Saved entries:
▼
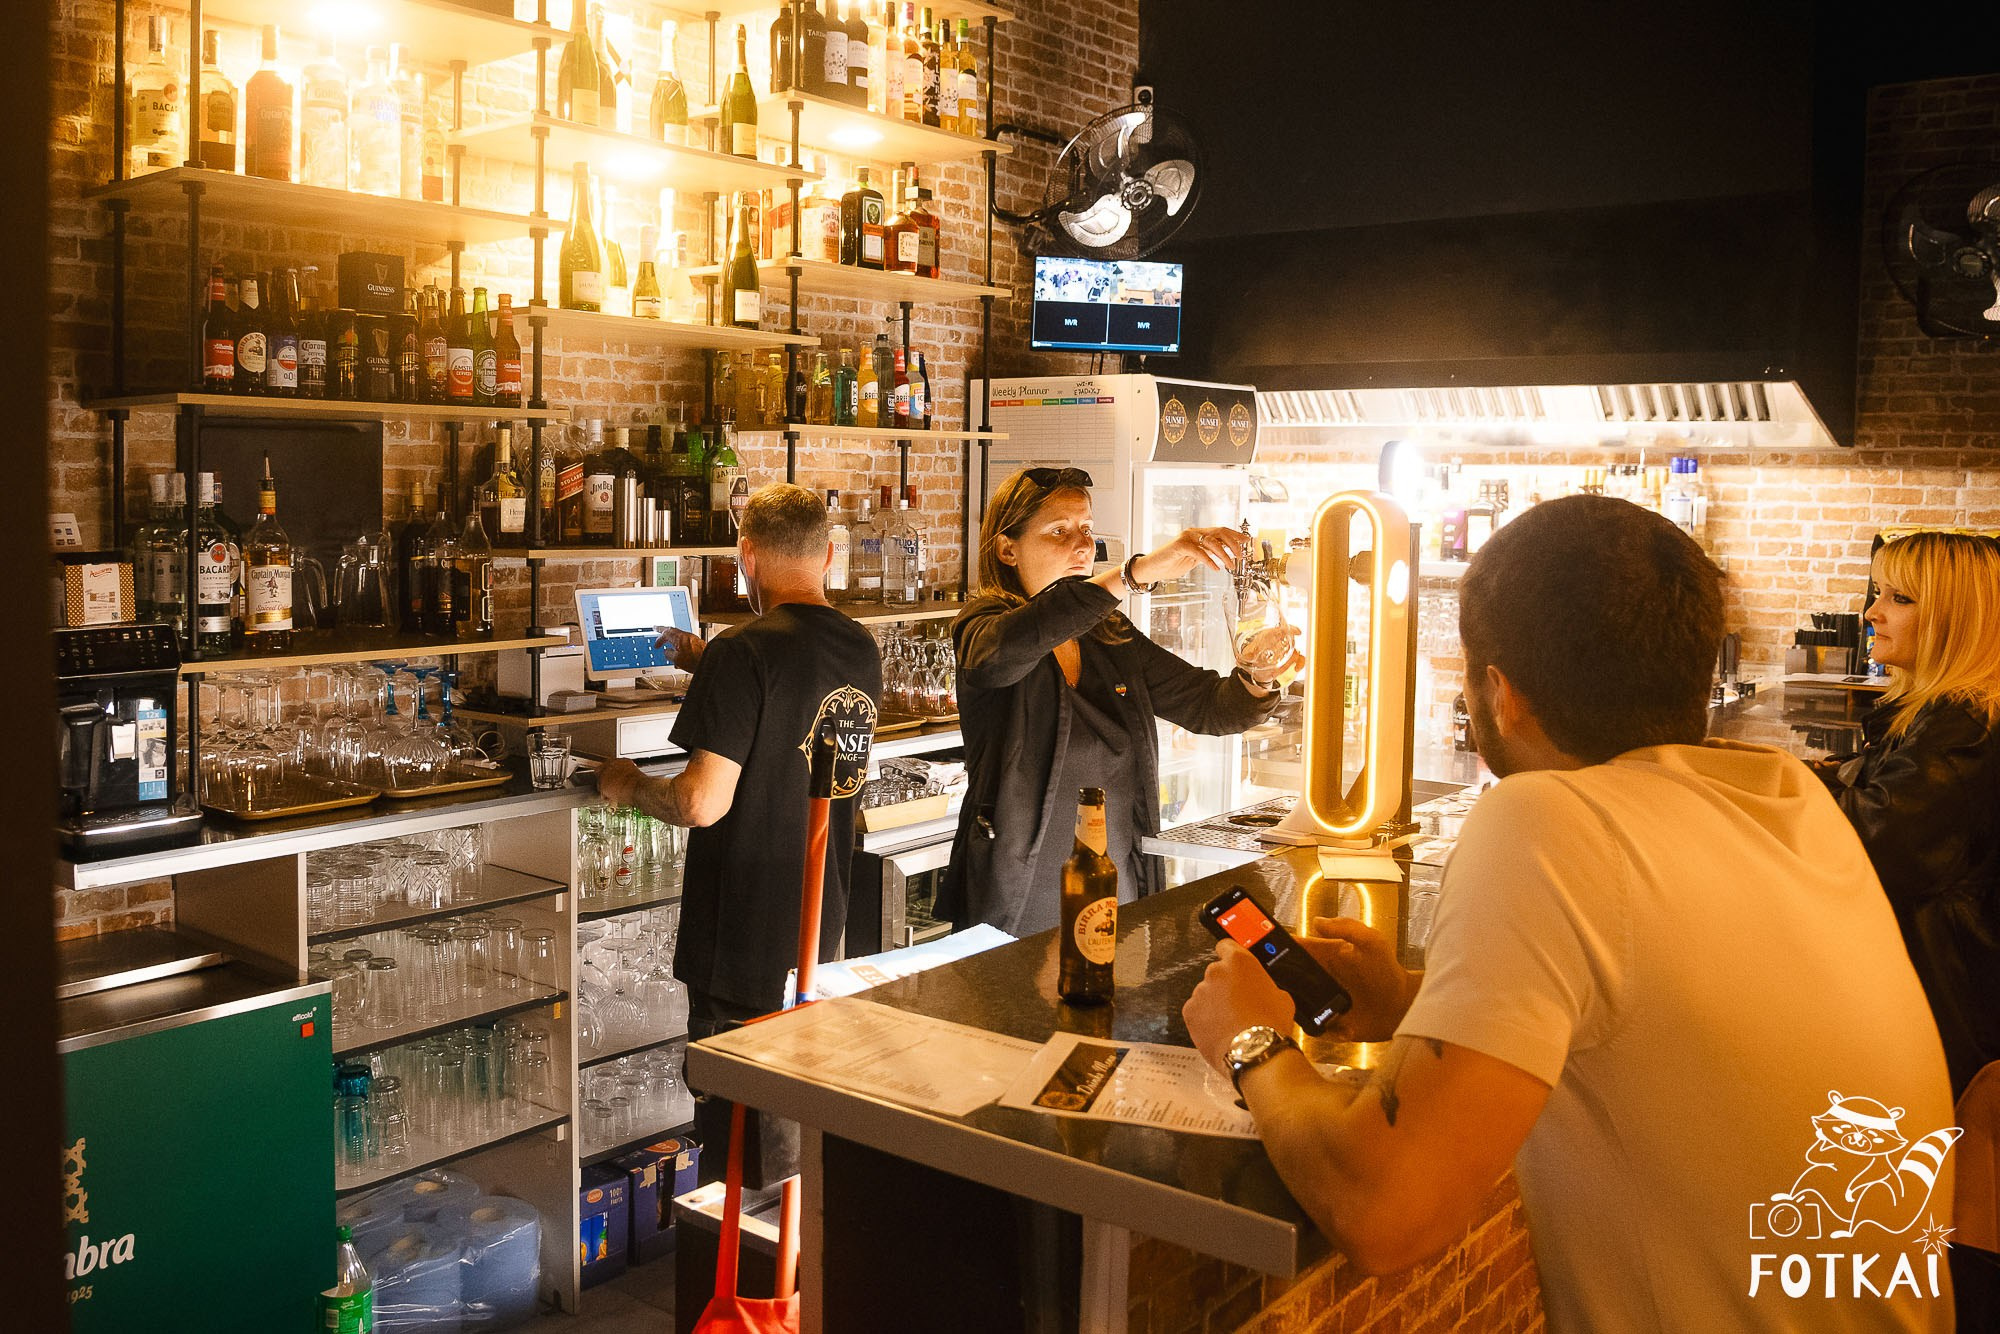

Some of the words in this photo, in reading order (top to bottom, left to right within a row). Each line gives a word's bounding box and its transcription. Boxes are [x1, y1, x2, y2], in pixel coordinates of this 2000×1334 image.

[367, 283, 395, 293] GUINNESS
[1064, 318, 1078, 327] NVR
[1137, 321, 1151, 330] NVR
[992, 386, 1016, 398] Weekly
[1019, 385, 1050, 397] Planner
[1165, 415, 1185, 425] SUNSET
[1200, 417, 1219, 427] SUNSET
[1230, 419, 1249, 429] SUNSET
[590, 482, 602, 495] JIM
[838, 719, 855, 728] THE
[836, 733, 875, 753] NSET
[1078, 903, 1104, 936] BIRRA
▲
Goal of the exercise -
Each entry is to be returned as it stands, and each picture is to be left out.

Written reply -
Some of the words in this photo, in reading order (top to bottom, left to right within a row). Each line gives a word's bounding box and its transcription. Boxes are [x1, y1, x2, y2], in pixel coordinates of this 2000×1334 image.

[367, 283, 395, 293] GUINNESS
[1064, 318, 1078, 327] NVR
[1137, 321, 1151, 330] NVR
[992, 386, 1016, 398] Weekly
[1019, 385, 1050, 397] Planner
[1165, 415, 1185, 425] SUNSET
[1200, 417, 1219, 427] SUNSET
[1230, 419, 1249, 429] SUNSET
[590, 482, 602, 495] JIM
[838, 719, 855, 728] THE
[836, 733, 875, 753] NSET
[1078, 903, 1104, 936] BIRRA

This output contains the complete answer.